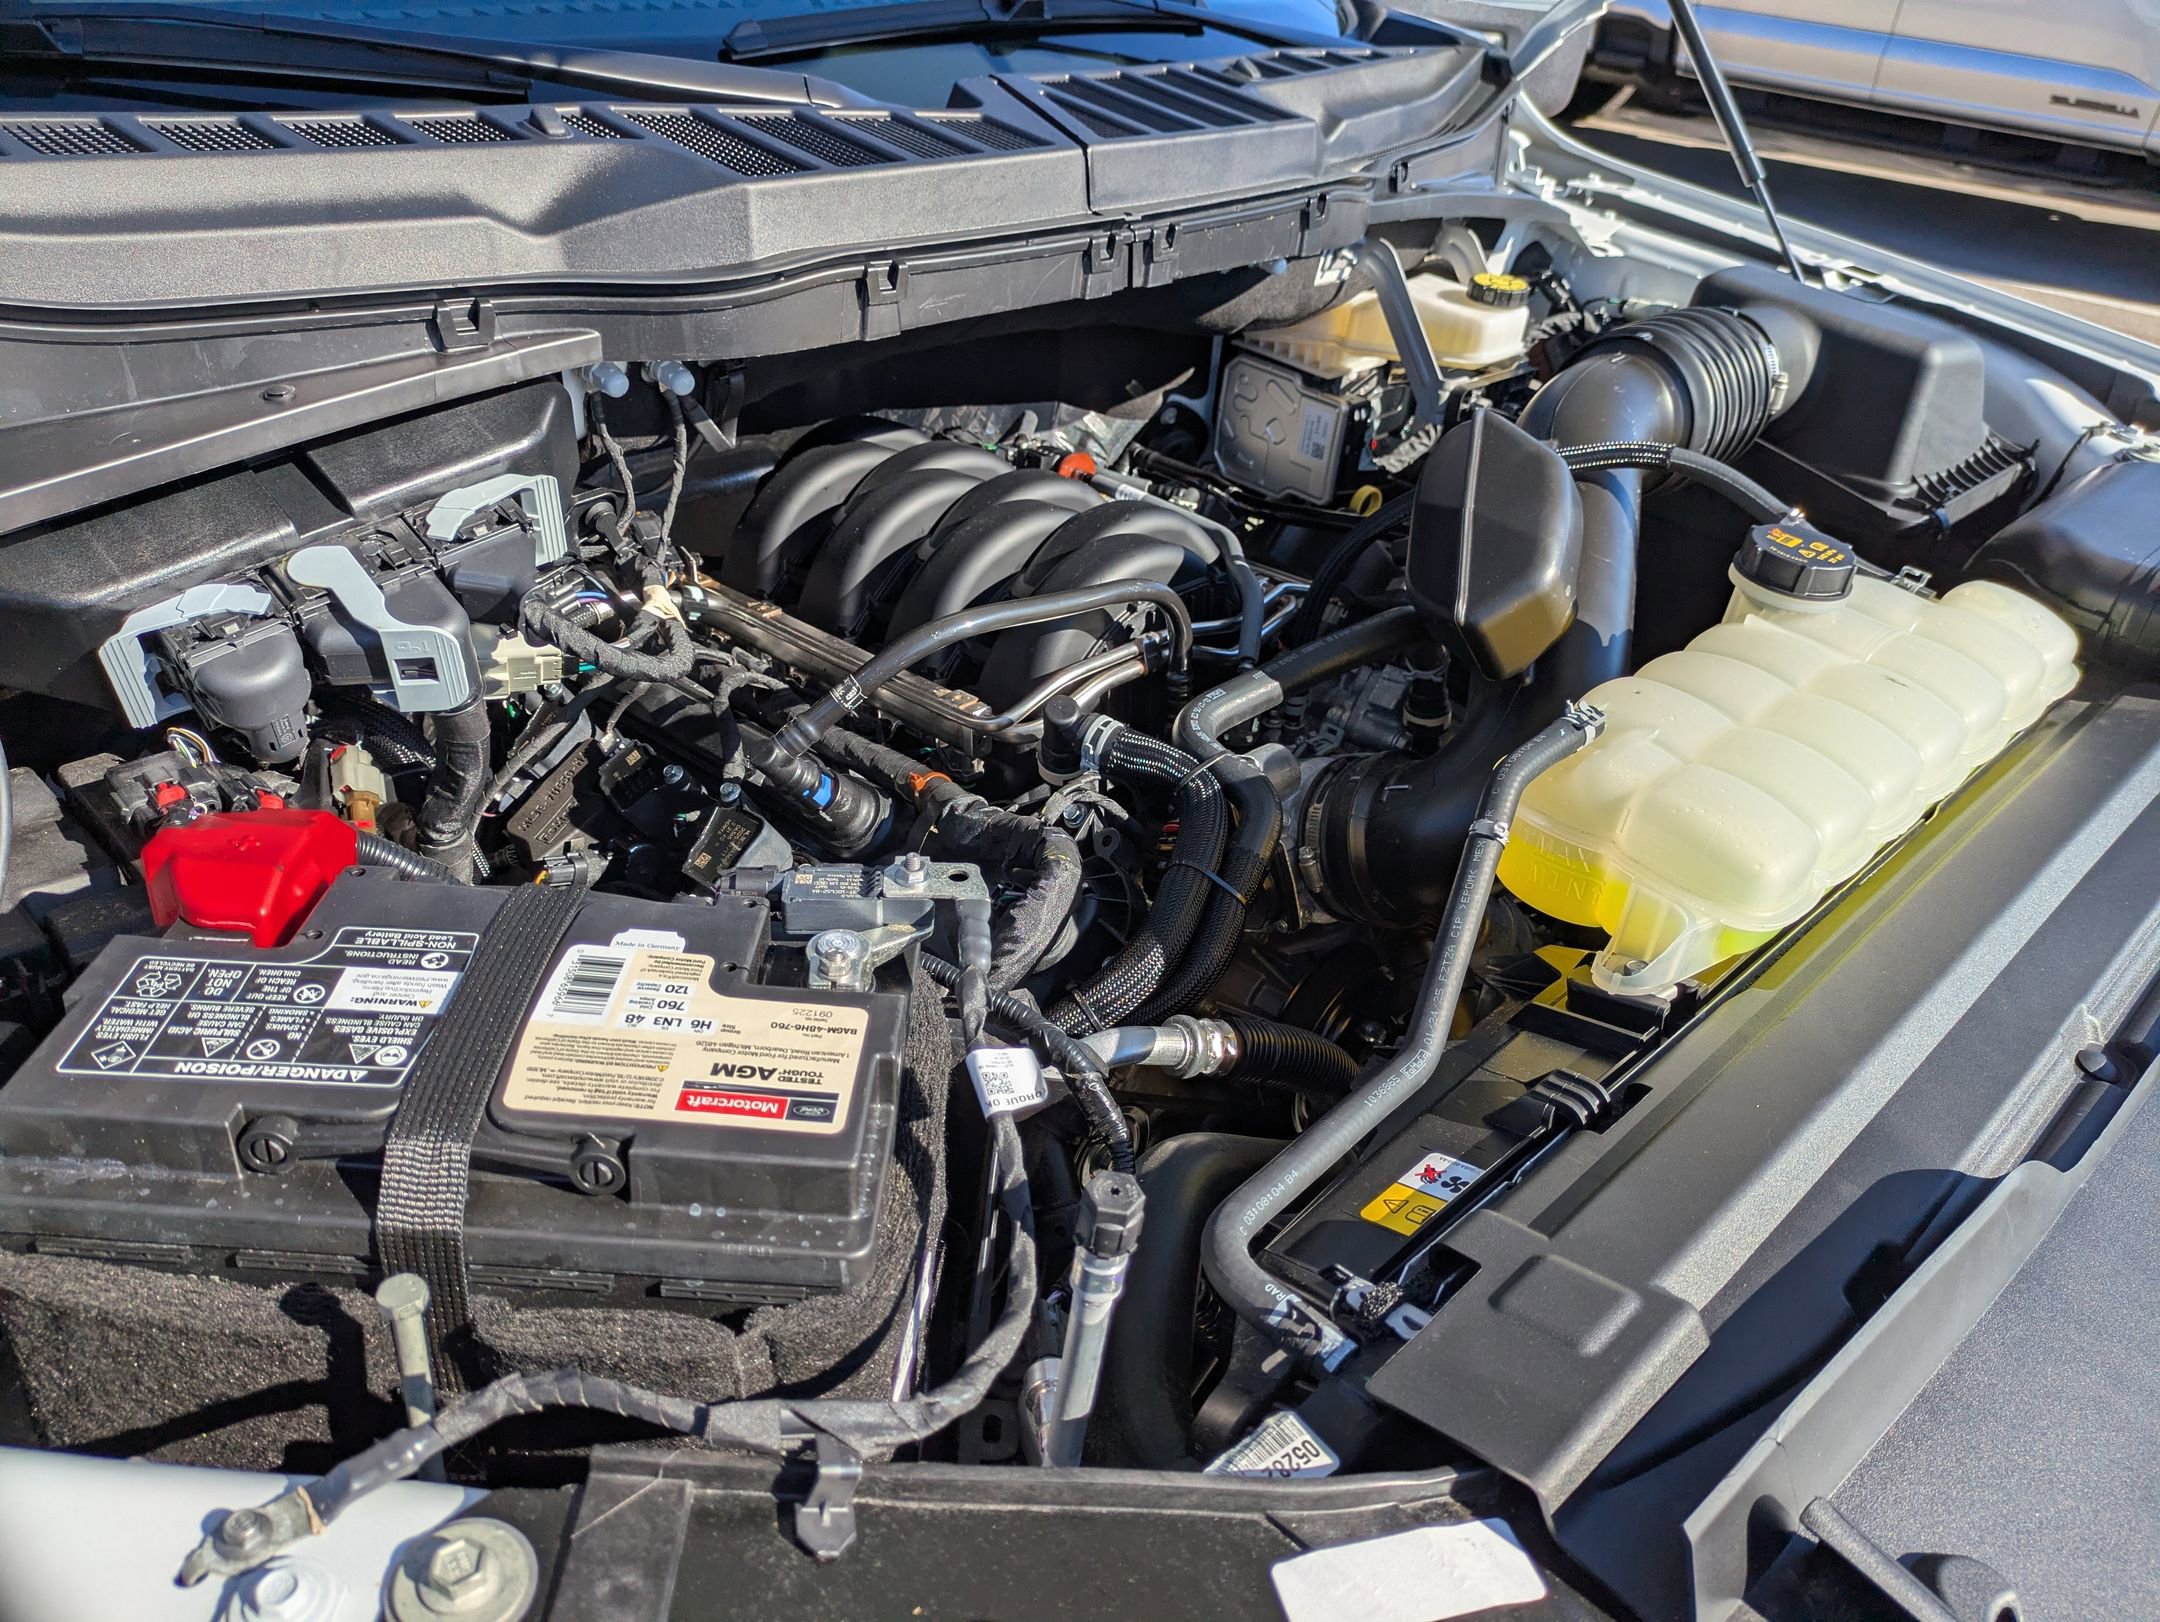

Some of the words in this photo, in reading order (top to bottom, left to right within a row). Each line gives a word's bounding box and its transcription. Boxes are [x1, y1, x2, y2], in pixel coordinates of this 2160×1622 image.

[1537, 833, 1594, 872] MAX
[365, 931, 401, 940] Battery
[355, 937, 456, 949] NON-SPILLABLE
[646, 943, 681, 951] Germany
[344, 951, 419, 959] INSTRUCTIONS.
[207, 969, 242, 979] OPEN.
[258, 969, 302, 977] CHILDREN.
[1363, 1074, 1400, 1109] 1036865
[1402, 1051, 1429, 1076] FoMoCo
[1423, 988, 1443, 1045] 01/24/25
[1450, 916, 1463, 938] CIP
[1473, 840, 1486, 862] MEX
[206, 978, 233, 987] NOT
[268, 977, 296, 985] REACH
[353, 973, 449, 983] www.P65Warnings.ca.gov
[204, 987, 223, 996] DO
[384, 986, 432, 994] Reproductive
[665, 984, 689, 994] 120
[350, 997, 418, 1007] WARNING:
[657, 1000, 685, 1011] 760
[110, 1006, 148, 1015] MEDICAL
[190, 1004, 222, 1012] BURNS.
[222, 1005, 255, 1013] SEVERE
[268, 1008, 308, 1016] SMOKING
[202, 1012, 250, 1020] BLINDNESS
[792, 1008, 833, 1019] 091225
[102, 1018, 133, 1027] WATER.
[325, 1018, 373, 1026] BLINDNESS
[625, 1014, 646, 1024] 48
[653, 1017, 683, 1028] LN3
[94, 1024, 154, 1034] IMMEDIATELY
[265, 1023, 300, 1031] SPARKS
[333, 1025, 365, 1033] GASES
[691, 1019, 712, 1030] H6
[771, 1022, 858, 1036] BAGM-48H6-760
[167, 1026, 192, 1034] ACID
[192, 1027, 241, 1037] SULFURIC
[366, 1026, 417, 1036] EXPLOSIVE
[96, 1031, 119, 1039] EYES
[120, 1031, 149, 1041] FLUSH
[287, 1032, 302, 1040] NO
[352, 1035, 378, 1043] EYES.
[380, 1036, 413, 1045] SHIELD
[701, 1047, 737, 1055] Company
[719, 1042, 752, 1051] Michigan
[752, 1045, 789, 1053] Dearborn,
[811, 1050, 847, 1058] American
[789, 1054, 840, 1064] Manufactured
[174, 1062, 349, 1080] DANGER/POISON
[710, 1063, 778, 1081] AGM
[778, 1076, 822, 1085] TESTED
[687, 1096, 778, 1113] Motorcraft
[1244, 1182, 1286, 1225] 03:08:04
[1284, 1169, 1298, 1184] B4
[1264, 1283, 1286, 1301] RAD
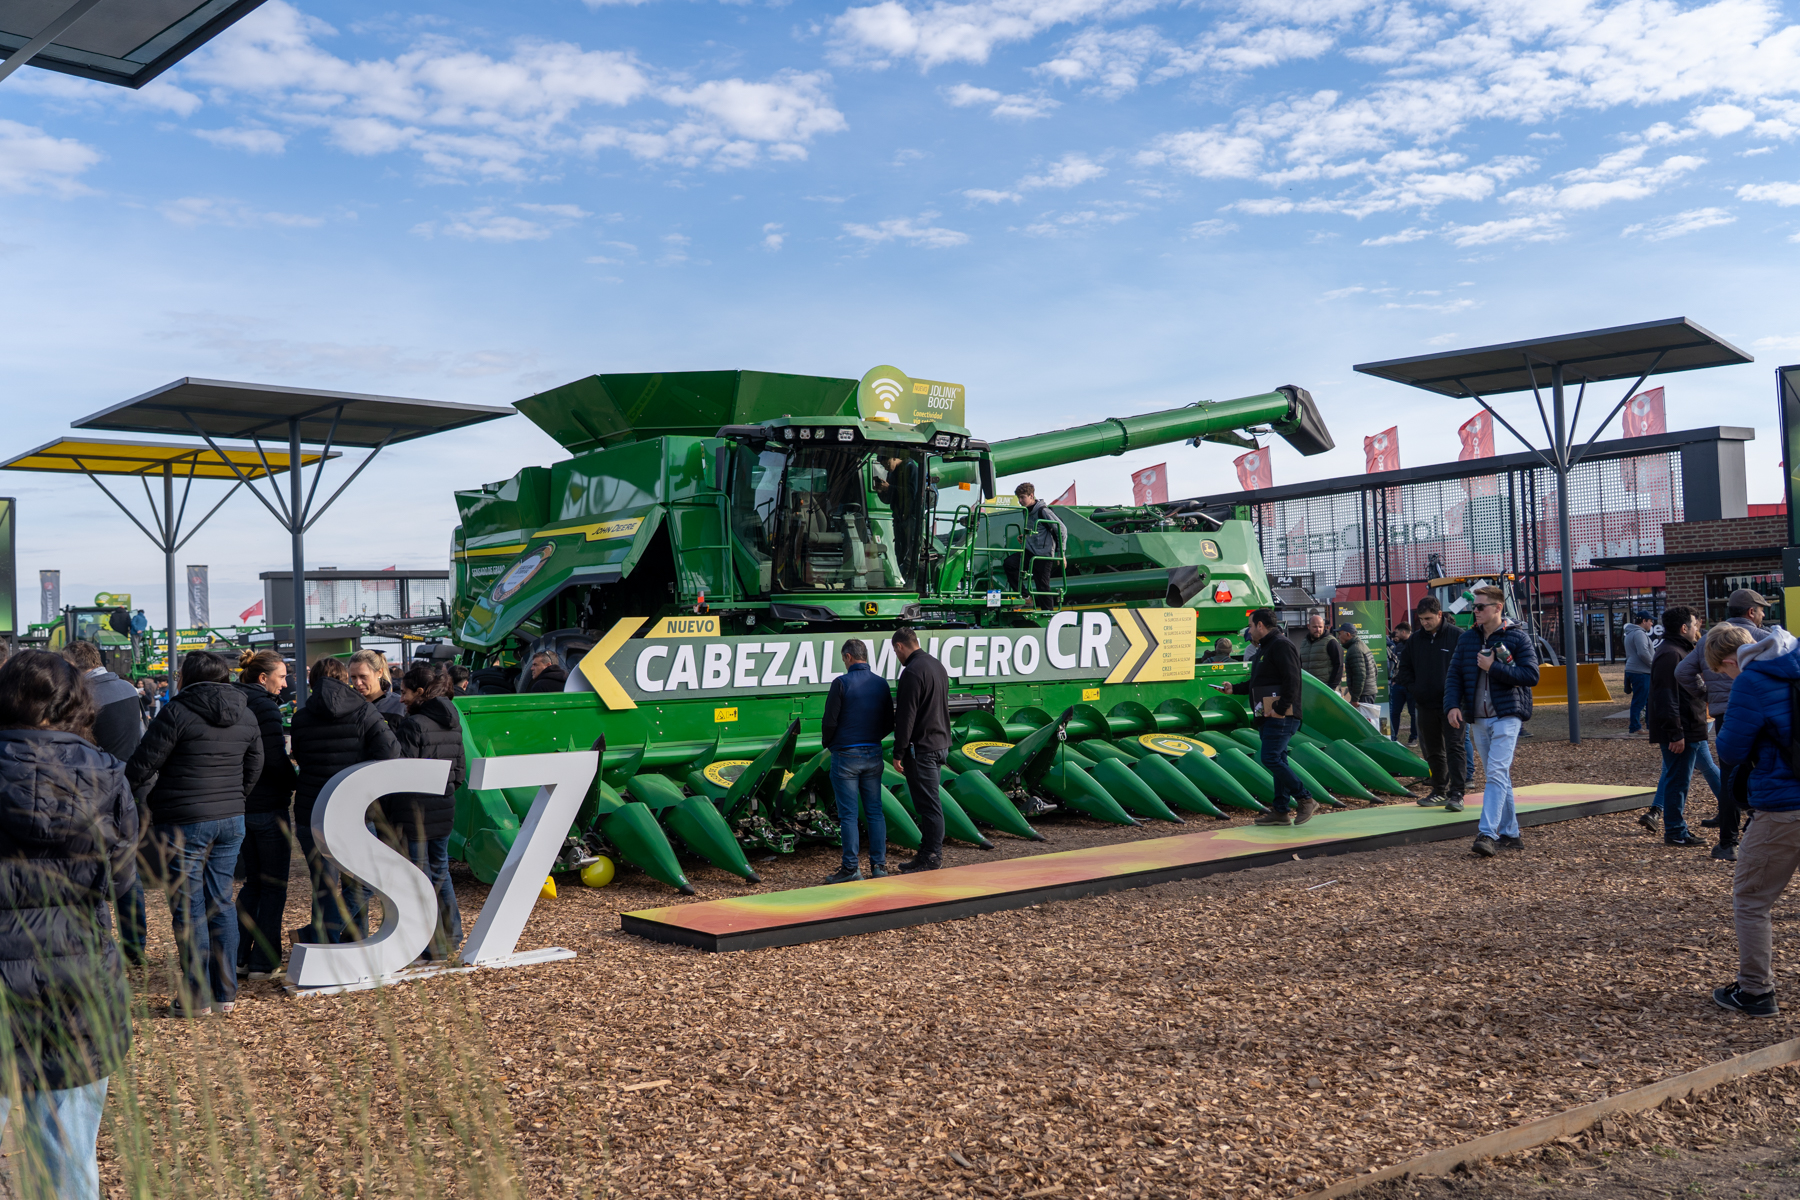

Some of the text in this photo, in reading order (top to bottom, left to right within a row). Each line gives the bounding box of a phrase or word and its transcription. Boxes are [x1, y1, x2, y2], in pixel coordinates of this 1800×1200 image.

[927, 396, 955, 410] BOOST
[592, 522, 637, 535] JOHN DEERE
[666, 619, 715, 634] NUEVO
[635, 611, 1112, 693] CABEZAL MICERO CR
[284, 750, 600, 987] S7

════

_Work instruction:_ Produce an exact copy of the records above, leaving out the pictures.

_Reply to the exercise:_
Some of the words in this photo, in reading order (top to bottom, left to right within a row). Each line gives a word's bounding box and its transcription. Boxes are [x1, y1, x2, y2], in pixel coordinates of this 2160×1622 image.

[1537, 833, 1594, 872] MAX
[365, 931, 401, 940] Battery
[355, 937, 456, 949] NON-SPILLABLE
[646, 943, 681, 951] Germany
[344, 951, 419, 959] INSTRUCTIONS.
[207, 969, 242, 979] OPEN.
[258, 969, 302, 977] CHILDREN.
[1363, 1074, 1400, 1109] 1036865
[1402, 1051, 1429, 1076] FoMoCo
[1423, 988, 1443, 1045] 01/24/25
[1450, 916, 1463, 938] CIP
[1473, 840, 1486, 862] MEX
[206, 978, 233, 987] NOT
[268, 977, 296, 985] REACH
[353, 973, 449, 983] www.P65Warnings.ca.gov
[204, 987, 223, 996] DO
[384, 986, 432, 994] Reproductive
[665, 984, 689, 994] 120
[350, 997, 418, 1007] WARNING:
[657, 1000, 685, 1011] 760
[110, 1006, 148, 1015] MEDICAL
[190, 1004, 222, 1012] BURNS.
[222, 1005, 255, 1013] SEVERE
[268, 1008, 308, 1016] SMOKING
[202, 1012, 250, 1020] BLINDNESS
[792, 1008, 833, 1019] 091225
[102, 1018, 133, 1027] WATER.
[325, 1018, 373, 1026] BLINDNESS
[625, 1014, 646, 1024] 48
[653, 1017, 683, 1028] LN3
[94, 1024, 154, 1034] IMMEDIATELY
[265, 1023, 300, 1031] SPARKS
[333, 1025, 365, 1033] GASES
[691, 1019, 712, 1030] H6
[771, 1022, 858, 1036] BAGM-48H6-760
[167, 1026, 192, 1034] ACID
[192, 1027, 241, 1037] SULFURIC
[366, 1026, 417, 1036] EXPLOSIVE
[96, 1031, 119, 1039] EYES
[120, 1031, 149, 1041] FLUSH
[287, 1032, 302, 1040] NO
[352, 1035, 378, 1043] EYES.
[380, 1036, 413, 1045] SHIELD
[701, 1047, 737, 1055] Company
[719, 1042, 752, 1051] Michigan
[752, 1045, 789, 1053] Dearborn,
[811, 1050, 847, 1058] American
[789, 1054, 840, 1064] Manufactured
[174, 1062, 349, 1080] DANGER/POISON
[710, 1063, 778, 1081] AGM
[778, 1076, 822, 1085] TESTED
[687, 1096, 778, 1113] Motorcraft
[1244, 1182, 1286, 1225] 03:08:04
[1284, 1169, 1298, 1184] B4
[1264, 1283, 1286, 1301] RAD

Some of the text in this photo, in reading order (top to bottom, left to right within a row). Each line gives the bounding box of a phrase or word and its transcription. Boxes are [x1, y1, x2, y2], in pixel coordinates of this 1800×1200 image.

[927, 396, 955, 410] BOOST
[592, 522, 637, 535] JOHN DEERE
[666, 619, 715, 634] NUEVO
[635, 611, 1112, 693] CABEZAL MICERO CR
[284, 750, 600, 987] S7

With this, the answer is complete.